───── Supplied information ─────

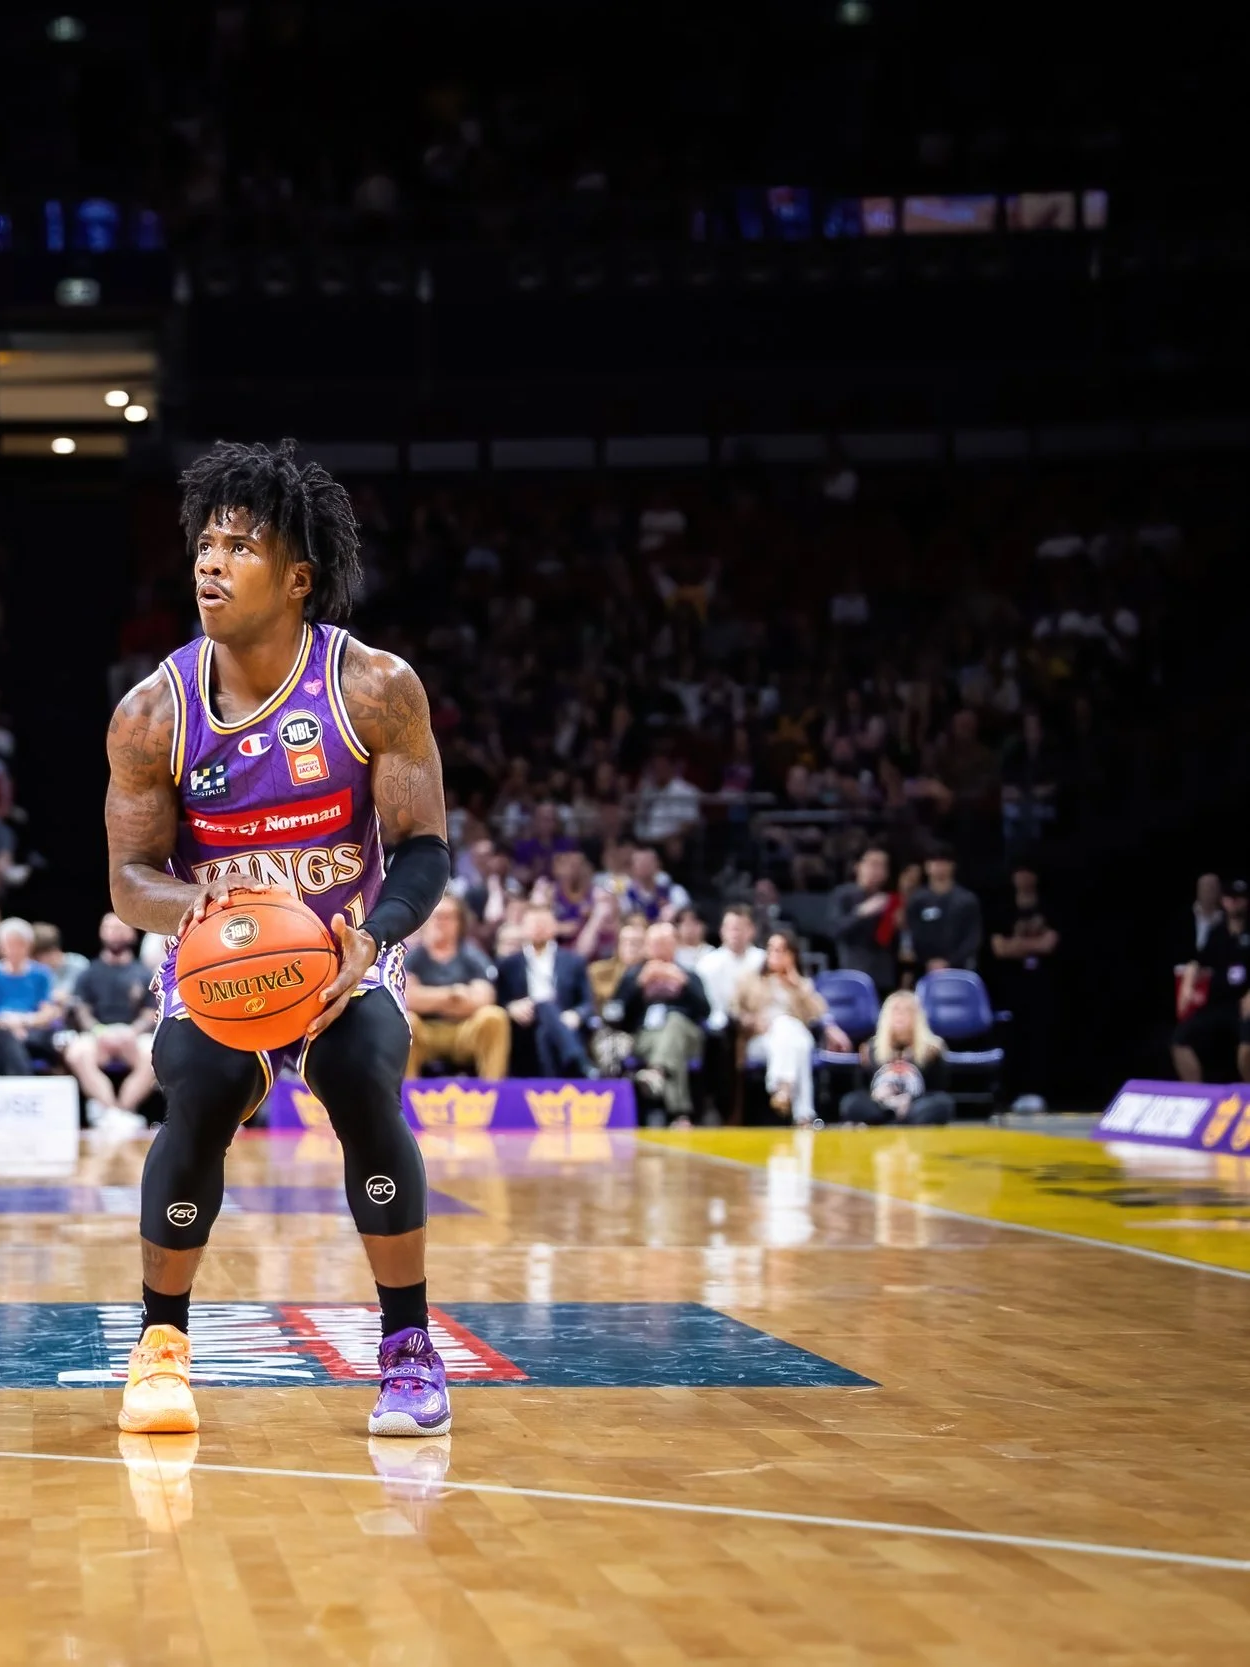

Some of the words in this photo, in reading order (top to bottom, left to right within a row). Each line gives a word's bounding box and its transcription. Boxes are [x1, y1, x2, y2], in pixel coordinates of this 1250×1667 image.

[286, 721, 314, 743] NBL
[264, 804, 342, 833] Norman
[228, 923, 251, 940] NBL
[199, 960, 306, 1005] SPALDING
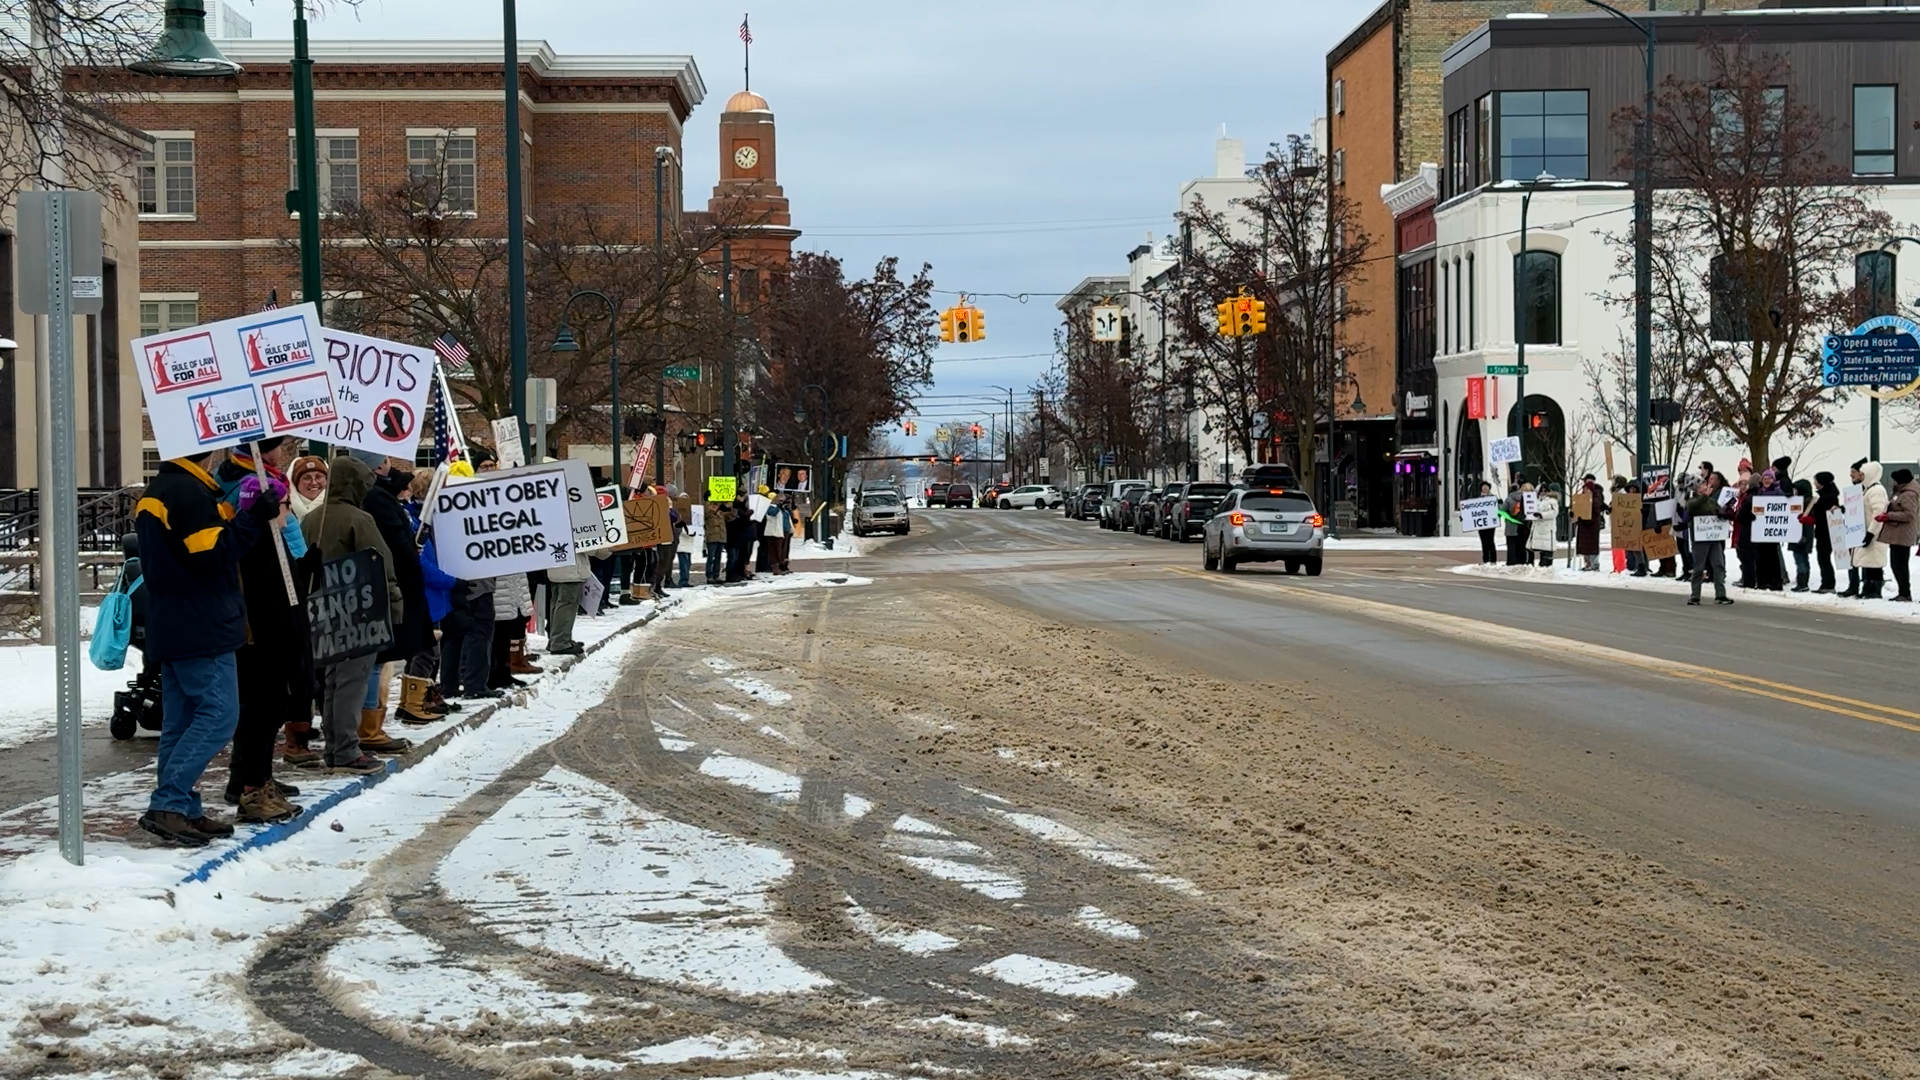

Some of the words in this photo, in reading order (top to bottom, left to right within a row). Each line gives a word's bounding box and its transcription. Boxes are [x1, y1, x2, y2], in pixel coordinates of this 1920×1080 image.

─────

● **Task statement**:
Give the data again exactly as written, with no pictures included.

● **Your solution**:
Some of the words in this photo, in reading order (top to bottom, left to right within a row). Each line gives a word's bounding box and its transcription. Boxes are [x1, y1, x2, y2], in pixel coordinates of this 1250×1667 image.

[286, 721, 314, 743] NBL
[264, 804, 342, 833] Norman
[228, 923, 251, 940] NBL
[199, 960, 306, 1005] SPALDING

Some of the words in this photo, in reading order (top to bottom, left to right within a row). Each line gives a word's bounding box and its transcription. Boxes are [x1, y1, x2, y2], in pixel coordinates of this 1920×1080 image.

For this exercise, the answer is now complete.